Biohacker Rich Lee had a novel idea – install biomagnets into the tragus of each ear. The premise is based on a device used by students to cheat at tests who were placing small magnets into the ear canal, then wearing a coil of electromagnetic wire around their necks but under their shirts so it’s not seen. An audio signal is piped from a source like a smartphone or music player, through a voltage pump, and into the coil which generated a large magnetic field that in turn caused the magnets to vibrate and create sound. Rich realized a magnet could be installed into the tragus and create one half of an implantable headphone set. He was able to successfully prove his premise and hear audio induced through the tragus tissue of his ear.
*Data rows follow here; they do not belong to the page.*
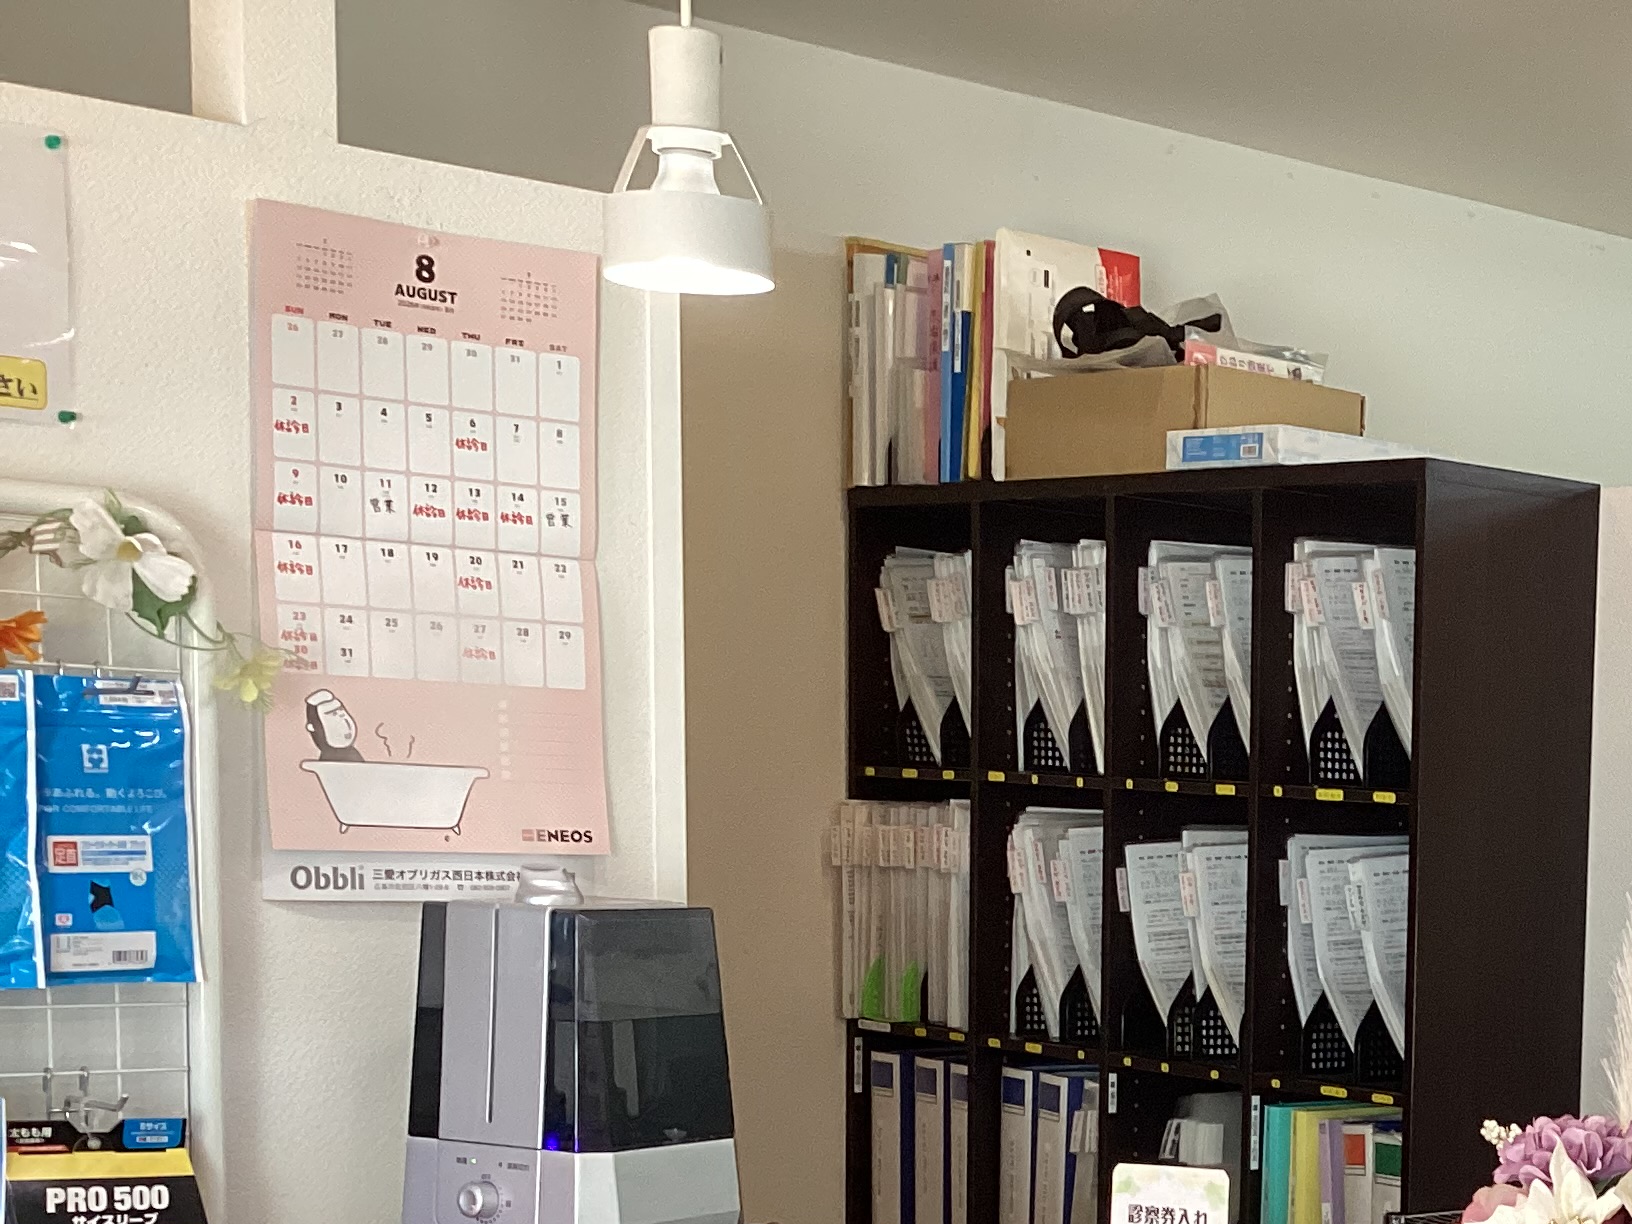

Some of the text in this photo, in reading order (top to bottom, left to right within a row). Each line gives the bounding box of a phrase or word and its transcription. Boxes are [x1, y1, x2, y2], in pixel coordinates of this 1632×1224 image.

[415, 254, 435, 283] 8
[395, 283, 457, 305] AUGUST
[329, 312, 348, 322] MON
[373, 319, 392, 329] TUE
[461, 332, 481, 341] THU
[505, 338, 524, 347] FRI
[556, 360, 562, 370] 1
[290, 396, 297, 406] 2
[335, 402, 342, 412] 3
[380, 408, 388, 417] 4
[425, 413, 432, 423] 5
[469, 419, 476, 428] 6
[513, 423, 519, 433] 7
[292, 469, 567, 507] 9 10 11 12 13 14 15
[288, 540, 567, 574] 16 17 18 19 20 21 22
[292, 611, 572, 640] 23 24 25 26 27 28 29
[340, 648, 353, 657] 31
[536, 829, 593, 843] ENEOS
[290, 865, 365, 891] Obbli
[46, 1184, 170, 1214] PRO 500
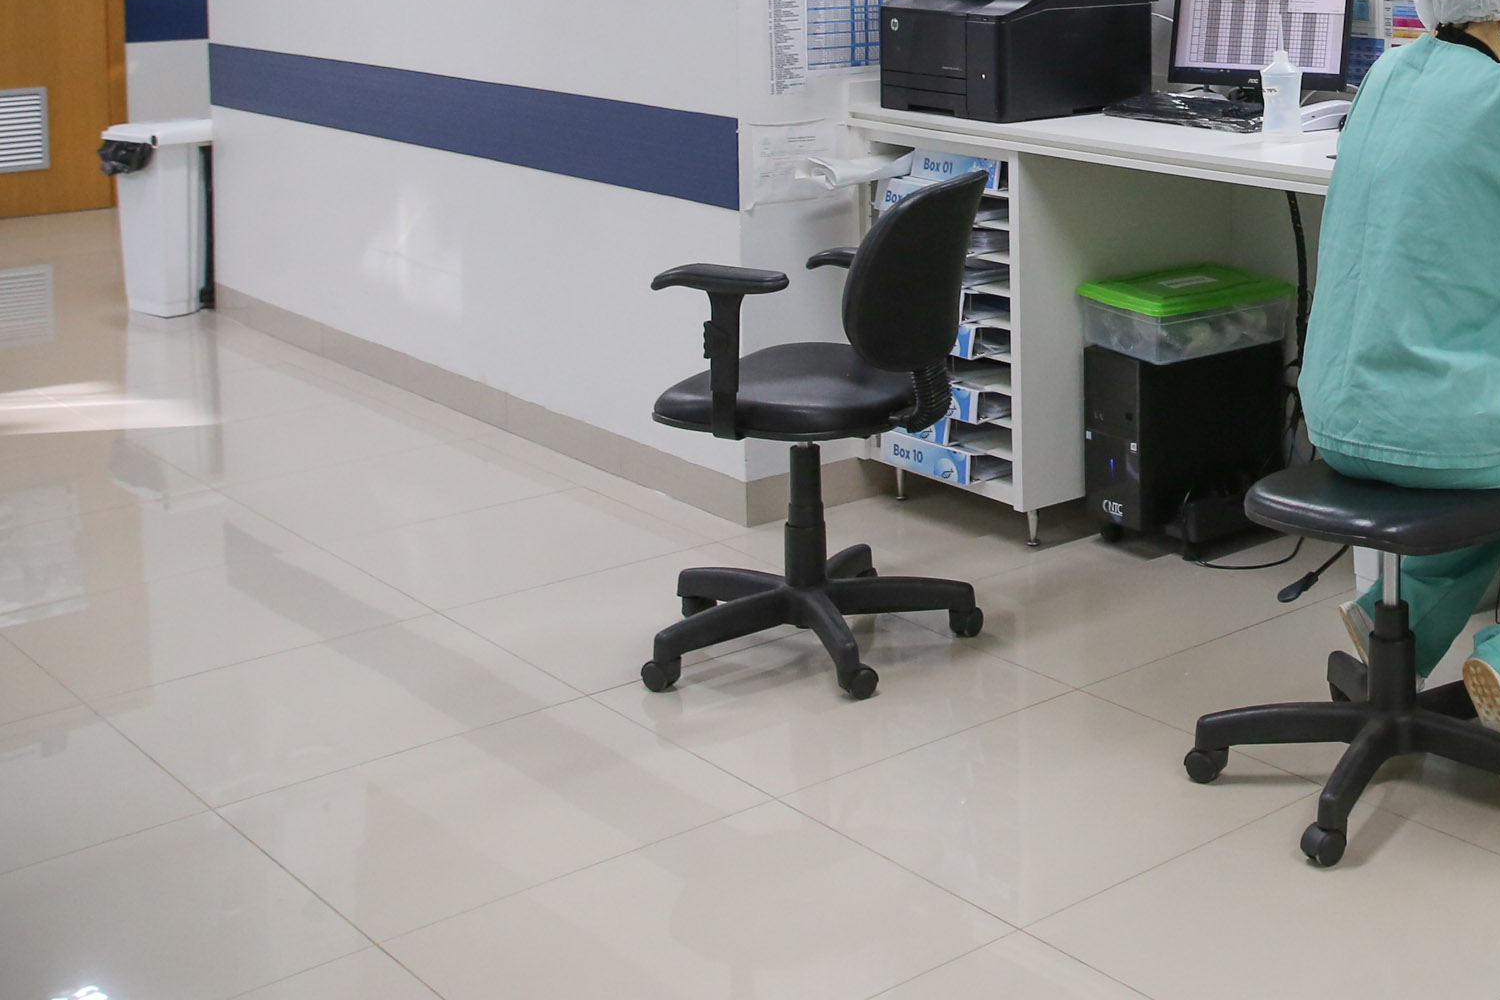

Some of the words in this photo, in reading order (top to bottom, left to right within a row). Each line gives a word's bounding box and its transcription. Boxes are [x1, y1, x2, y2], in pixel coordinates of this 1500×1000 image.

Furthermore, we were also able to confirm that an implanted m31 magnet in the fingertip is able to be placed into the ear (plugging your ear with your magnetically augmented fingertip), and it too can emit audible sound from your fingertip! It is an incredibly strange sensation to hear music coming out of your pinky finger, and we’re very excited to see what amazing new experiences magnetic augmentation technology will offer in the future.
In this modern world there are magnetic sensors everywhere, in almost everything. A personal favorite is the ability to instantly blank the screen of many models of Apple Macbook by simply placing a biomagnet over the lid closure sensor which sits just to the left of the tab key in most models. Smartphones also have magnetic field sensors in them as well as compass sensors, both of which can be manipulated using biomagnets. In some instances this can cause problems, if you are trying to rely on the compass with maps to navigate a new city for example.. but other innovative uses can be created including secret security triggers that require certain magnetic input patterns that just look like hand-waving, but only a magnetically augmented human can perform.
In the emerging world of active biohacking devices – implants that use a battery and run powered electronics – being able to interact with the device is a challenge. Biomagnet implants offer a simple way to interact with devices by way of mechanical magnetic reed switches and hall effect sensors. Being able to turn implants on and off or adjusting features by swiping a magnet over a specific spot is a simple but effective method of interacting with subdermal electronics.